BEFORE: Well, we had the confluence of February, the romance month, with SuperBowl weekend (and also Black History month), and today is Valentine's Day, but it's ALSO somehow Ash Wednesday, the first day of lent.  I don't see how anyone is supposed to enjoy their holiday box of fancy chocolates on a day made for fasting and giving up enjoyable things.  How, exactly is that supposed to WORK?  But maybe we can find some kind of metaphor for today's confluence, something about love and forgiveness coming together.  Like, if your life partner is asking for your forgiveness for some reason, well, today might be the day to consider granting it.  Or not, whatever, it's up to you.  But these two holidays rarely come together, I think.  I'm not a calendar expert, I have to look up when Easter is every year well in advance, especially if I have a movie that can tie in with it, but then I also have to look up Mother's Day and Father's Day every year, too - I greatly prefer the holidays that don't move around and have the decency to occur on the same day, year after year. 

Whoopi Goldberg carries over from "Made in America".  And I swear, when I blocked out the month I wasn't even paying attention to the titles, I just realized this film would land on February 14, read the quick synopsis and said, "Yeah, OK, that works."  Then just about a week ago I realized the connection between "Valentine" and "Valentino" and thought, "Geez, why didn't I notice that before, I mean, it makes perfect sense only I just didn't SEE it that way."  Yup. 

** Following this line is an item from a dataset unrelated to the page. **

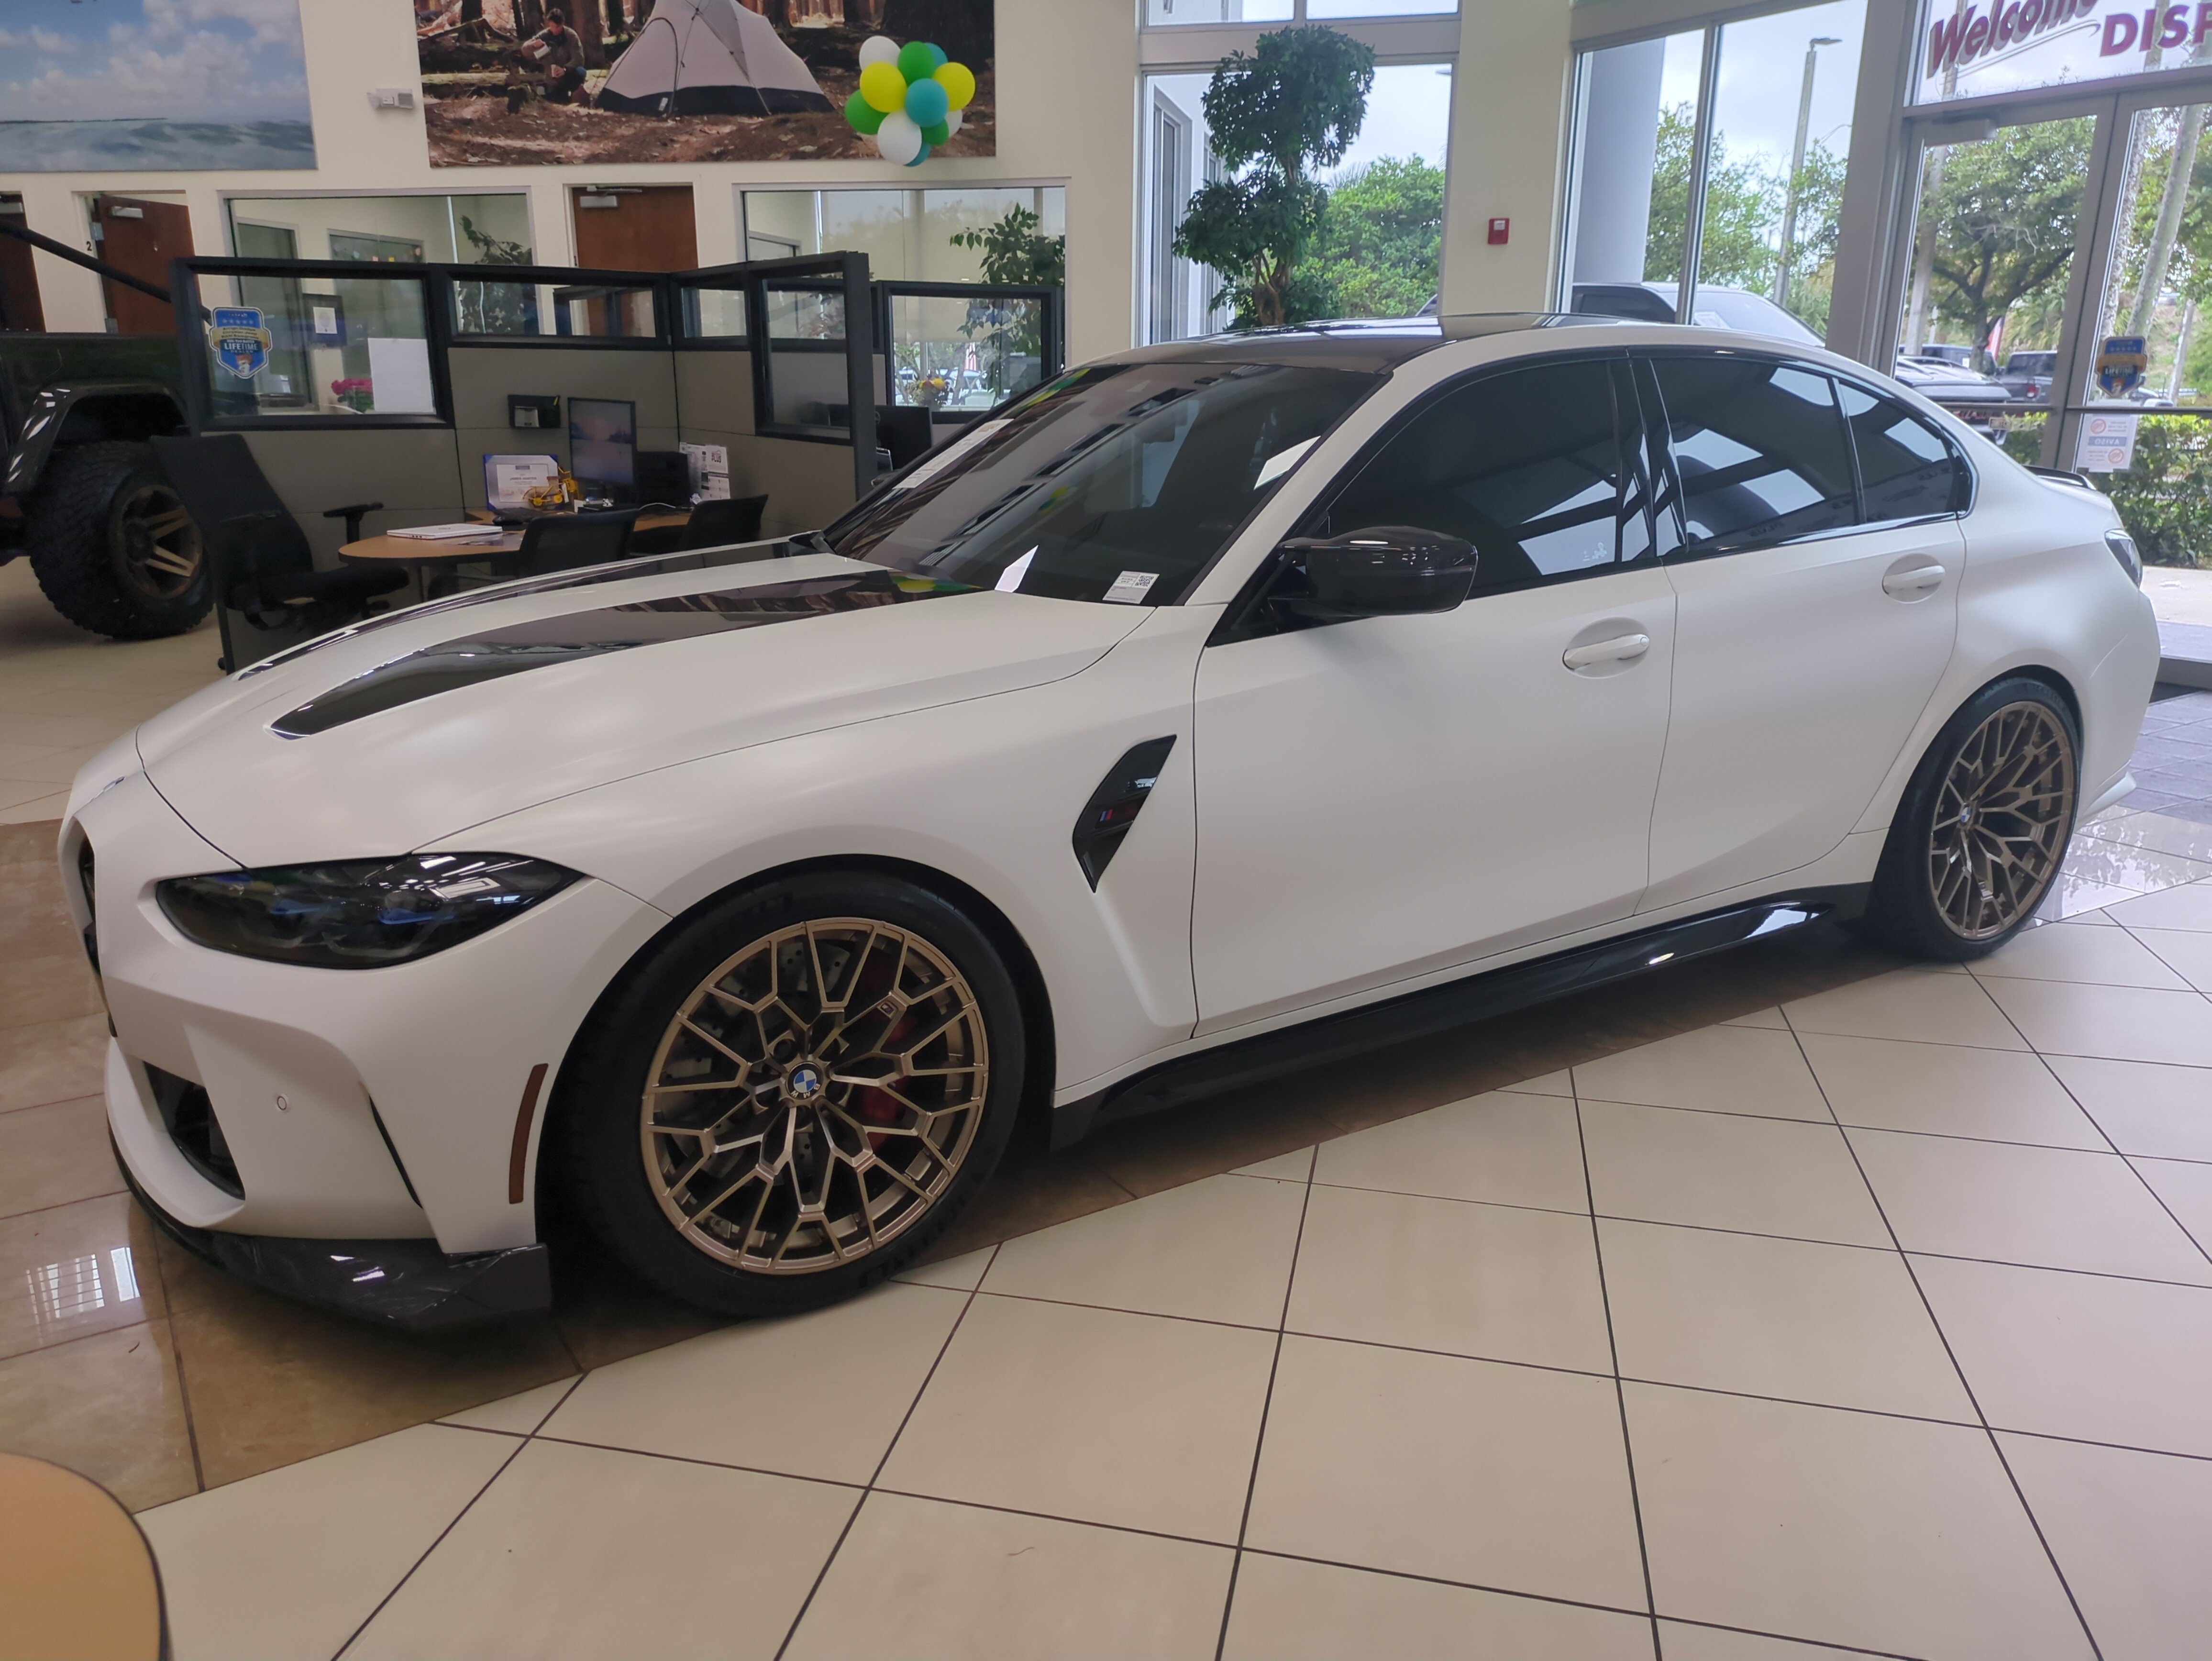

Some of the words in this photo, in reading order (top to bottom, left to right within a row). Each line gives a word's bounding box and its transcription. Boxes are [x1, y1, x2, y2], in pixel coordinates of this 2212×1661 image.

EDIT: I forgot that Turner Classic Movies was starting their "31 Days of Oscar" programming  on February 9, so I'm going back and dropping them in post facto.  They're dividing up the movies by category this year, so today is Day 6, devoted to:

Best Adapted Screenplay Nominees: (and romance films)

6:00 am "Pygmalion" (1938)
7:45 am "Random Harvest" (1942)
10:00 am "Kitty Foyle" (1940)
12:00 pm "A Foreign Affair" (1948)
2:00 pm "Brief Encounter" (1945)
3:45 pm "Rebecca" (1940)
6:00 pm "Wuthering Heights" (1939)

Best Original Screenplay Winners: (and romance films)

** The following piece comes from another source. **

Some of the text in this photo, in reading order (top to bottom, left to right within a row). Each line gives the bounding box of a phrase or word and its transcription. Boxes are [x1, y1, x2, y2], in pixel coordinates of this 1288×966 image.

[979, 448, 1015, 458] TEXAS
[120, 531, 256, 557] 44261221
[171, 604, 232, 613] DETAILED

8:00 pm "The Philadelphia Story" (1940)
10:00 pm "Doctor Zhivago" (1965)
1:30 am "From Here to Eternity" (1953)
3:45 am "Little Women" (1933)

I'm going to say I've seen 4 out of these 11, "Rebecca", "The Philadelphia Story", "Doctor Zhivago" and "From Here to Eternity".  I have seen "Wuthering Heights", but the 1992 version, not this one - and I have seen "Little Women", but the 1994 and 2019 versions, not this one. So I'm falling to 30 seen out of 67 overall, or 44.7%.  

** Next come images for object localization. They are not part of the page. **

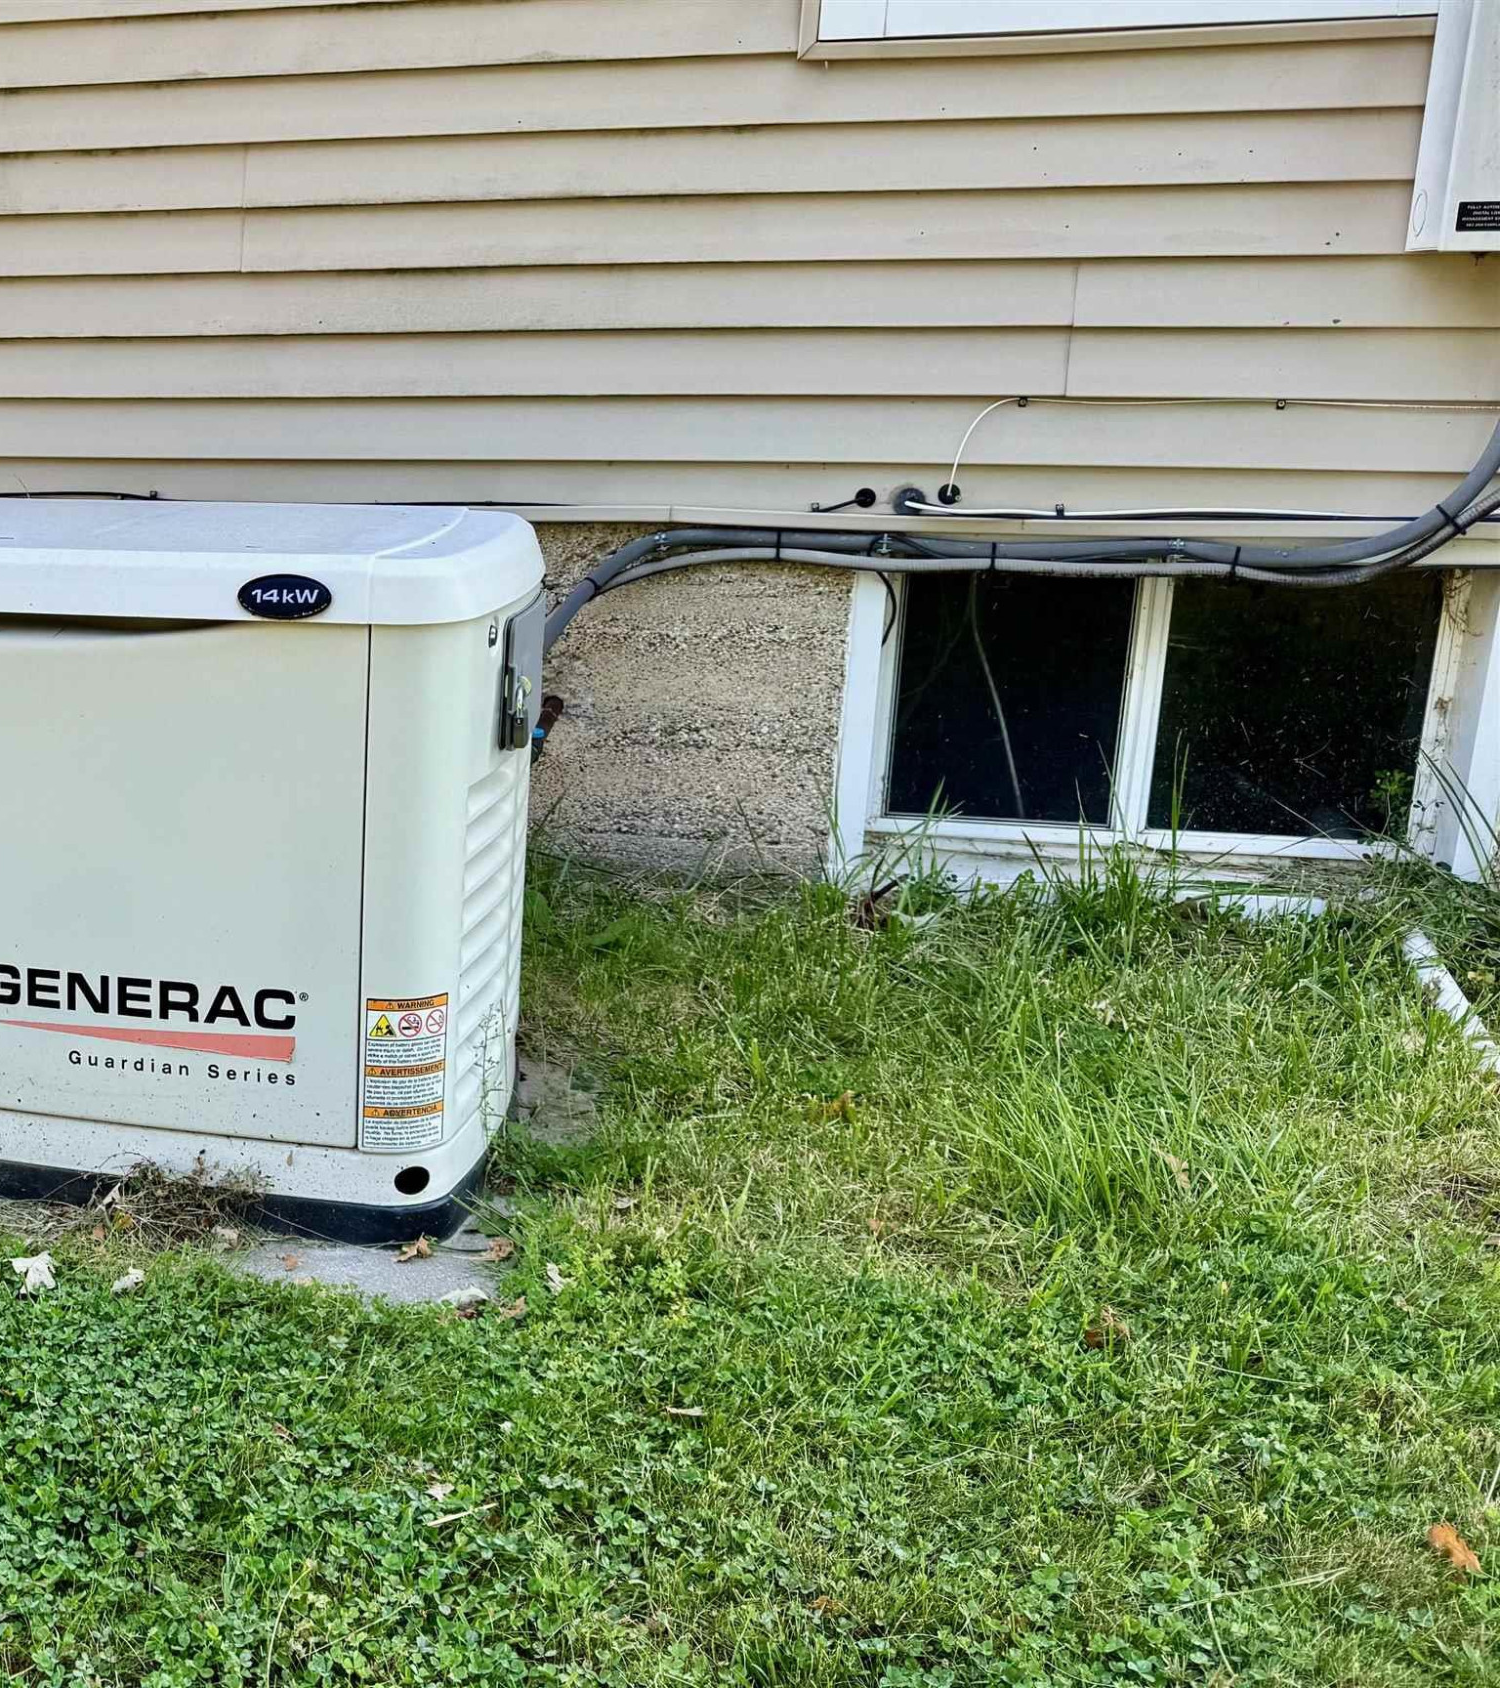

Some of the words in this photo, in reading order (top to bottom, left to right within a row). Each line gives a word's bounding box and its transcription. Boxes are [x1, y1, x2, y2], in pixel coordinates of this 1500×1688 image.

[251, 589, 319, 604] 14kW
[397, 999, 435, 1009] WARNING
[68, 1050, 190, 1077] Guardian
[207, 1064, 296, 1086] Series
[380, 1062, 442, 1076] AVERTISSEMENT
[383, 1104, 438, 1117] ADVERTENCIA

THE PLOT: A young widow still grieving over the death of her husband finds herself being comforted by a local housepainter. 

AFTER: OK, so there's no real connection to Ash Wednesday here, because this film is mostly about a woman's reaction to losing her husband, and going through all the stages of grief, which famously has five stages: denial, anger, bargaining, depression and acceptance.  Then she sees fit to add a sixth stage, which is called "Having a fling with the guy painting your house."  Well, OK, sure, we all are looking for signs that we're doing OK, and that might qualify. 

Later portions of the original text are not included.